Work task
Transcribe the listing below in its entirety.

============================================================

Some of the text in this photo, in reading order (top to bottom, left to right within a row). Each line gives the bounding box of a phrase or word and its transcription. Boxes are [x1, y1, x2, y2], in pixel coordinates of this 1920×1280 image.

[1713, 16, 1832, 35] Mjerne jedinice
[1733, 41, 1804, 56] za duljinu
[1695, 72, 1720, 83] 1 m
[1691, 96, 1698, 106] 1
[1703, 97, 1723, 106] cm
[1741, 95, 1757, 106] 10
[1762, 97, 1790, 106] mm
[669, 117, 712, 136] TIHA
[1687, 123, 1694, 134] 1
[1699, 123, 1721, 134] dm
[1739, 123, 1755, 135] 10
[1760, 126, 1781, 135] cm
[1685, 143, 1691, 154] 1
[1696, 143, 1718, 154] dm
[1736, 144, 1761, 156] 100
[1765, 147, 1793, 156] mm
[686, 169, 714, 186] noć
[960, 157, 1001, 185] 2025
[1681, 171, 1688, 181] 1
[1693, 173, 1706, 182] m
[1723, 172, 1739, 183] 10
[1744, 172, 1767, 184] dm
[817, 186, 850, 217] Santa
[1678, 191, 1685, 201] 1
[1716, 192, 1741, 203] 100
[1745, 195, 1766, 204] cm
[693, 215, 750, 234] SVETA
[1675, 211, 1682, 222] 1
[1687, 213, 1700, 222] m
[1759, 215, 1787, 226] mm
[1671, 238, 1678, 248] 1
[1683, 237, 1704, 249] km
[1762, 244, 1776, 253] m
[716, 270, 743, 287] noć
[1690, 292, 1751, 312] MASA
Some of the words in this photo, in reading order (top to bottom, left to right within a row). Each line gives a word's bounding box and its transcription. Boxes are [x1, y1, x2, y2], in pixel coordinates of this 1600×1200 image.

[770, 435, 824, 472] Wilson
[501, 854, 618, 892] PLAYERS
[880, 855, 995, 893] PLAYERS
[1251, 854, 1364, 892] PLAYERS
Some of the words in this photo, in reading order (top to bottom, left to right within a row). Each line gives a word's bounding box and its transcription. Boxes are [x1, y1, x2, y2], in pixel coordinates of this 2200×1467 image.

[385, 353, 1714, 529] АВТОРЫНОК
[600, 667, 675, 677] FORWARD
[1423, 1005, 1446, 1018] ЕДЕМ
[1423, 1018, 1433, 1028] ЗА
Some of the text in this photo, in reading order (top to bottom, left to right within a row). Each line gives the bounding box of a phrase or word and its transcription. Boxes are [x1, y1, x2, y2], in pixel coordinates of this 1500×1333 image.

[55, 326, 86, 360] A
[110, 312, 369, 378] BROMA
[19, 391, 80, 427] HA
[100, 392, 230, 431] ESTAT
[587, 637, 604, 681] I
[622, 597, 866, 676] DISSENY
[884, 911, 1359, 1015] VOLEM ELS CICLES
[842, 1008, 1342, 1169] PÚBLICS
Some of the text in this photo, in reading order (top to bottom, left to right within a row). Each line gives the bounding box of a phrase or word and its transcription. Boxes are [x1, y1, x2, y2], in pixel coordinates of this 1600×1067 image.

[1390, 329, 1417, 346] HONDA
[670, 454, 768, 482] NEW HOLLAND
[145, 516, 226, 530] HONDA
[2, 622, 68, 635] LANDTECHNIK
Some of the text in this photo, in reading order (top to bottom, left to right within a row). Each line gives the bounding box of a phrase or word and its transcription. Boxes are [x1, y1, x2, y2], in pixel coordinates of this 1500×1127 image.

============================================================

Response area
Some of the text in this photo, in reading order (top to bottom, left to right within a row). Each line gives the bounding box of a phrase or word and its transcription. Boxes are [x1, y1, x2, y2], in pixel coordinates of this 1920×1280 image.

[1713, 16, 1832, 35] Mjerne jedinice
[1733, 41, 1804, 56] za duljinu
[1695, 72, 1720, 83] 1 m
[1691, 96, 1698, 106] 1
[1703, 97, 1723, 106] cm
[1741, 95, 1757, 106] 10
[1762, 97, 1790, 106] mm
[669, 117, 712, 136] TIHA
[1687, 123, 1694, 134] 1
[1699, 123, 1721, 134] dm
[1739, 123, 1755, 135] 10
[1760, 126, 1781, 135] cm
[1685, 143, 1691, 154] 1
[1696, 143, 1718, 154] dm
[1736, 144, 1761, 156] 100
[1765, 147, 1793, 156] mm
[686, 169, 714, 186] noć
[960, 157, 1001, 185] 2025
[1681, 171, 1688, 181] 1
[1693, 173, 1706, 182] m
[1723, 172, 1739, 183] 10
[1744, 172, 1767, 184] dm
[817, 186, 850, 217] Santa
[1678, 191, 1685, 201] 1
[1716, 192, 1741, 203] 100
[1745, 195, 1766, 204] cm
[693, 215, 750, 234] SVETA
[1675, 211, 1682, 222] 1
[1687, 213, 1700, 222] m
[1759, 215, 1787, 226] mm
[1671, 238, 1678, 248] 1
[1683, 237, 1704, 249] km
[1762, 244, 1776, 253] m
[716, 270, 743, 287] noć
[1690, 292, 1751, 312] MASA
Some of the words in this photo, in reading order (top to bottom, left to right within a row). Each line gives a word's bounding box and its transcription. Boxes are [x1, y1, x2, y2], in pixel coordinates of this 1600×1200 image.

[770, 435, 824, 472] Wilson
[501, 854, 618, 892] PLAYERS
[880, 855, 995, 893] PLAYERS
[1251, 854, 1364, 892] PLAYERS
Some of the words in this photo, in reading order (top to bottom, left to right within a row). Each line gives a word's bounding box and its transcription. Boxes are [x1, y1, x2, y2], in pixel coordinates of this 2200×1467 image.

[385, 353, 1714, 529] АВТОРЫНОК
[600, 667, 675, 677] FORWARD
[1423, 1005, 1446, 1018] ЕДЕМ
[1423, 1018, 1433, 1028] ЗА
Some of the text in this photo, in reading order (top to bottom, left to right within a row). Each line gives the bounding box of a phrase or word and its transcription. Boxes are [x1, y1, x2, y2], in pixel coordinates of this 1500×1333 image.

[55, 326, 86, 360] A
[110, 312, 369, 378] BROMA
[19, 391, 80, 427] HA
[100, 392, 230, 431] ESTAT
[587, 637, 604, 681] I
[622, 597, 866, 676] DISSENY
[884, 911, 1359, 1015] VOLEM ELS CICLES
[842, 1008, 1342, 1169] PÚBLICS
Some of the text in this photo, in reading order (top to bottom, left to right within a row). Each line gives the bounding box of a phrase or word and its transcription. Boxes are [x1, y1, x2, y2], in pixel coordinates of this 1600×1067 image.

[1390, 329, 1417, 346] HONDA
[670, 454, 768, 482] NEW HOLLAND
[145, 516, 226, 530] HONDA
[2, 622, 68, 635] LANDTECHNIK
Some of the text in this photo, in reading order (top to bottom, left to right within a row). Each line gives the bounding box of a phrase or word and its transcription. Boxes are [x1, y1, x2, y2], in pixel coordinates of this 1500×1127 image.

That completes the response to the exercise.